FOURTH AMENDMENT TO LOAN AGREEMENT
Exhibit (10)(L)(2)
FOURTH AMENDMENT TO LOAN AGREEMENT
THIS FOURTH AMENDMENT TO LOAN AGREEMENT (the Amendment) dated this 15th day of March, 2012, effective as of March 19, 2012, by and between HARLEYSVILLE GROUP INC., a corporation organized and existing under the laws of the State of Delaware with an address of 355 Maple Avenue, Harleysville, PA 19438 (the Borrower), and HARLEYSVILLE MUTUAL INSURANCE COMPANY, an insurance company organized and existing under the laws of the Commonwealth of Pennsylvania, with an address of 355 Maple Avenue, Harleysville, PA 19438 (the Lender):
WITNESSETH:
WHEREAS, The Borrower and the Lender entered into a Loan Agreement (the Agreement) dated March 19, 1991 whereby the Borrower borrowed the sum of $18,500,000 (the Loan) from the Lender for the purpose of acquiring the shares of stock of Phoenix General Insurance Company and its subsidiaries, and the principal amount of the loan remains unpaid and outstanding; and
WHEREAS, The Borrower and the Lender entered into the Second Amendment to Loan Agreement dated March 4, 1998, effective as of March 19, 1998, whereby the Loan Agreement was extended for an additional seven (7) years at an interest rate of LIBOR plus sixty-five one-hundredths (0.65%) per cent with all other terms and conditions of the Loan Agreement remaining the same; and
WHEREAS, The Borrower and the Lender entered into the Third Amendment to Loan Agreement dated March 1, 2005, effective as of March 19, 2005, whereby the Loan Agreement was extended for an additional seven (7) years at an interest rate of LIBOR plus forty-five one-hundredths (0.45%) per cent with all other terms and conditions of the Loan Agreement remaining the same; and
WHEREAS, The Borrower and the Lender desire to extend the Loan Agreement an additional one (1) year at an interest rate of LIBOR plus one hundred twenty-five one-hundredths (1.25%) per cent with all other terms and conditions of the Loan Agreement remaining the same; and
WHEREAS, Section 8.03 of the Agreement provides, inter alia, that the Borrower and the Lender may enter into a written agreement amending, modifying or supplementing the Agreement.

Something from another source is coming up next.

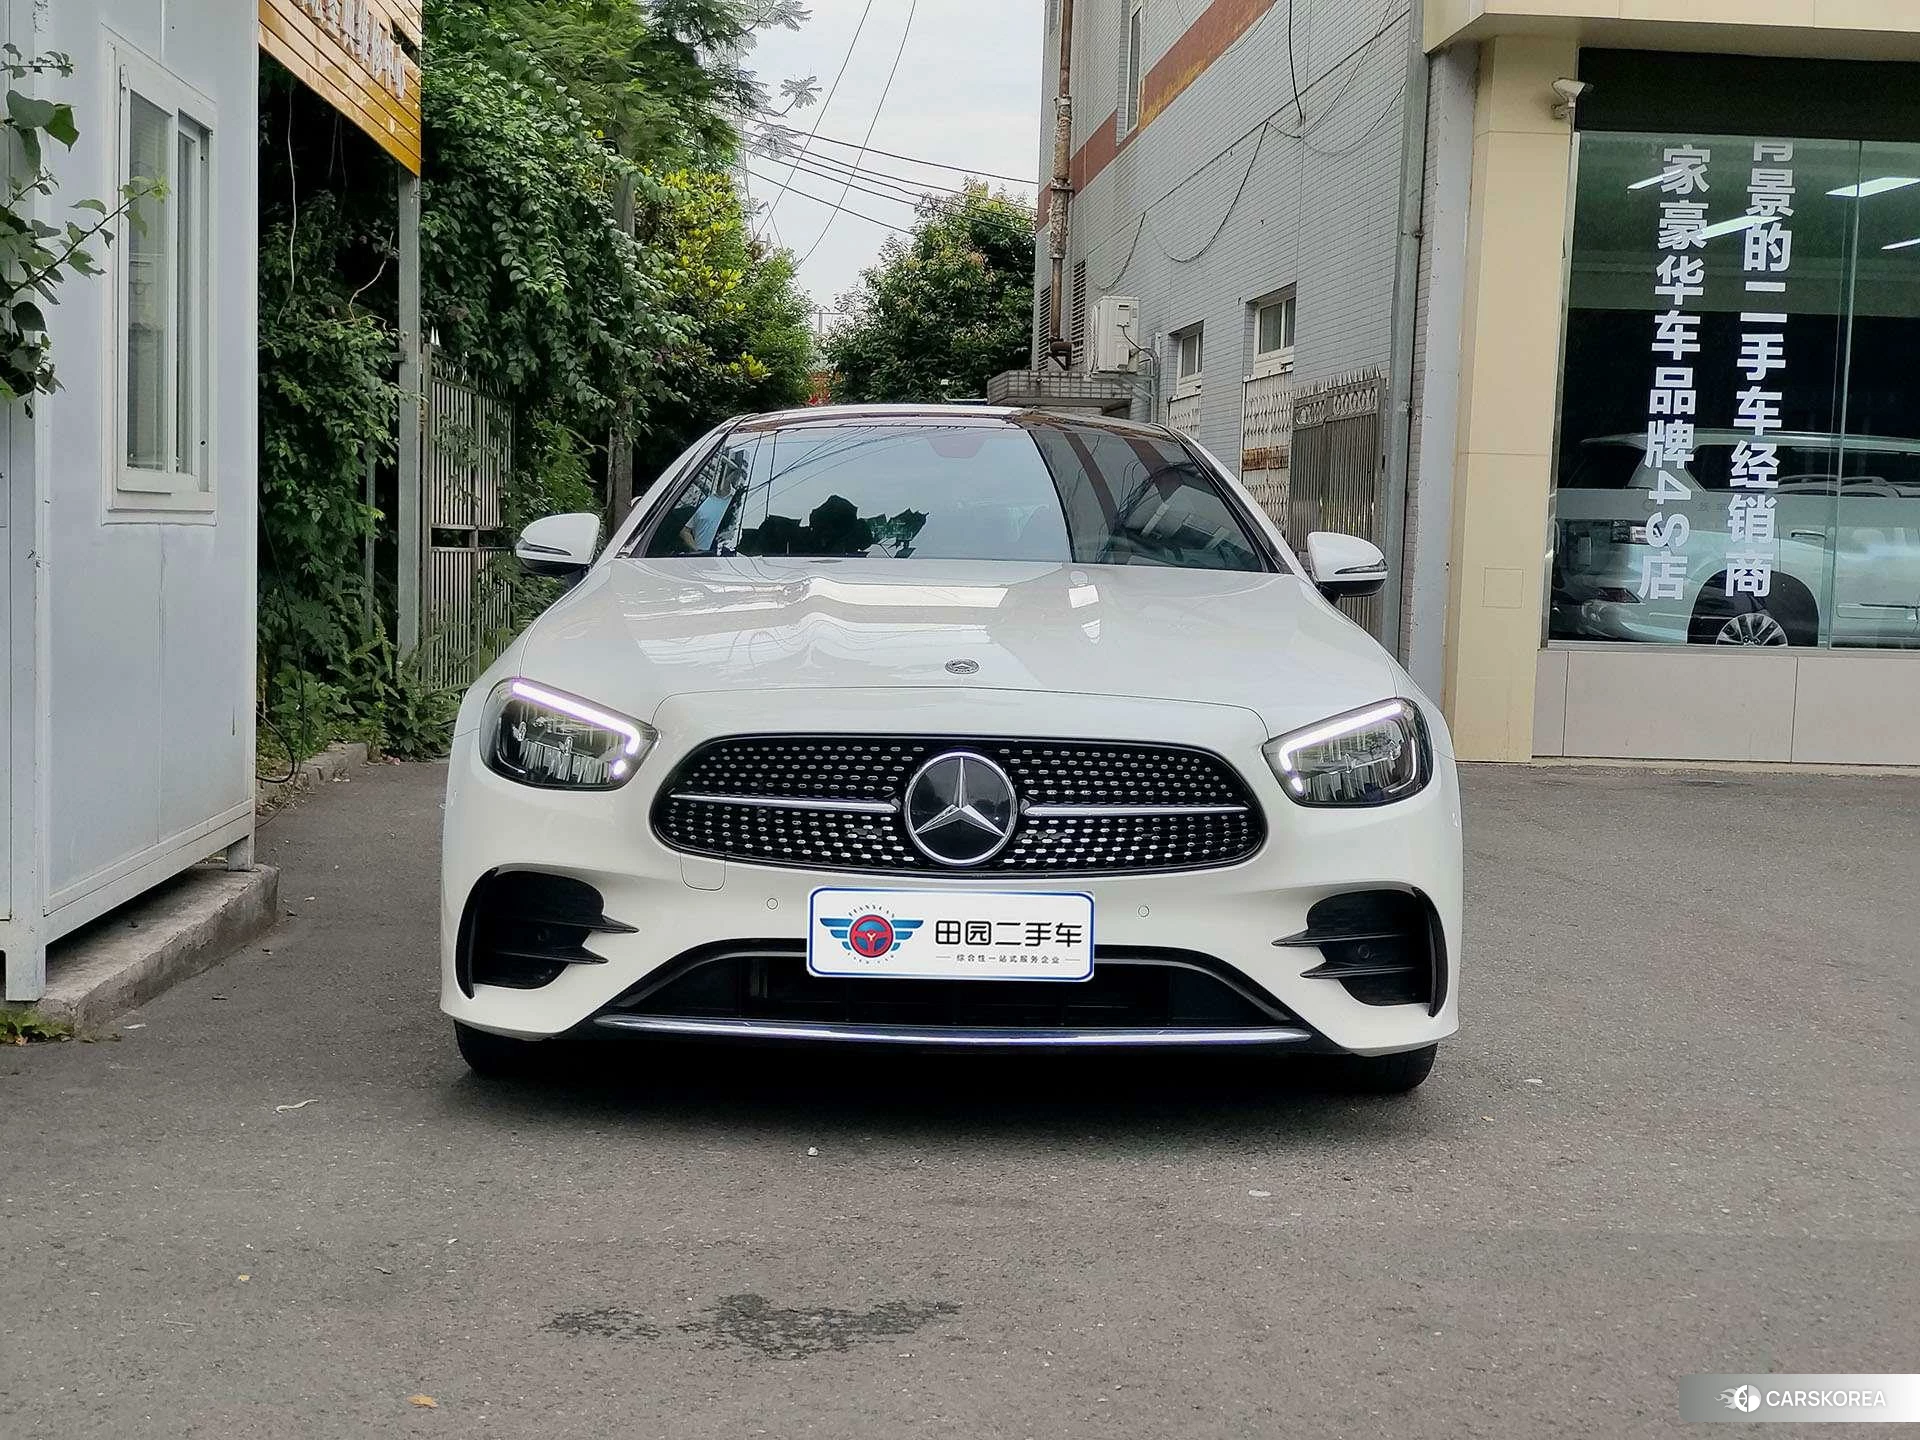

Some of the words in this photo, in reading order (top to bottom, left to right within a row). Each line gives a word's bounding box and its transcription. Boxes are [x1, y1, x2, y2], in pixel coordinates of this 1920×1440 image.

NOW, THEREFORE, In consideration of the premises and the mutual covenants and conditions herein contained, and intending to be legally bound hereby, the parties hereto agree as follows:
1. | The definition of Maturity Date in Section 1.01 of Article I of the Agreement shall be deleted, and the following shall be substituted in its place: |
Maturity Date shall mean the earlier to occur of March 18, 2013 or the date on which the Lender makes a demand for payment of the Note in full .
2. | The last sentence of Section 2.01(b) of Article II of the Agreement shall be deleted, and the following shall be substituted in its place: |
The rate of interest shall be equal to LIBOR, as established by the LIBOR interest period selected by the Borrower plus one hundred twenty-five one-hundredths (1.25%) per cent.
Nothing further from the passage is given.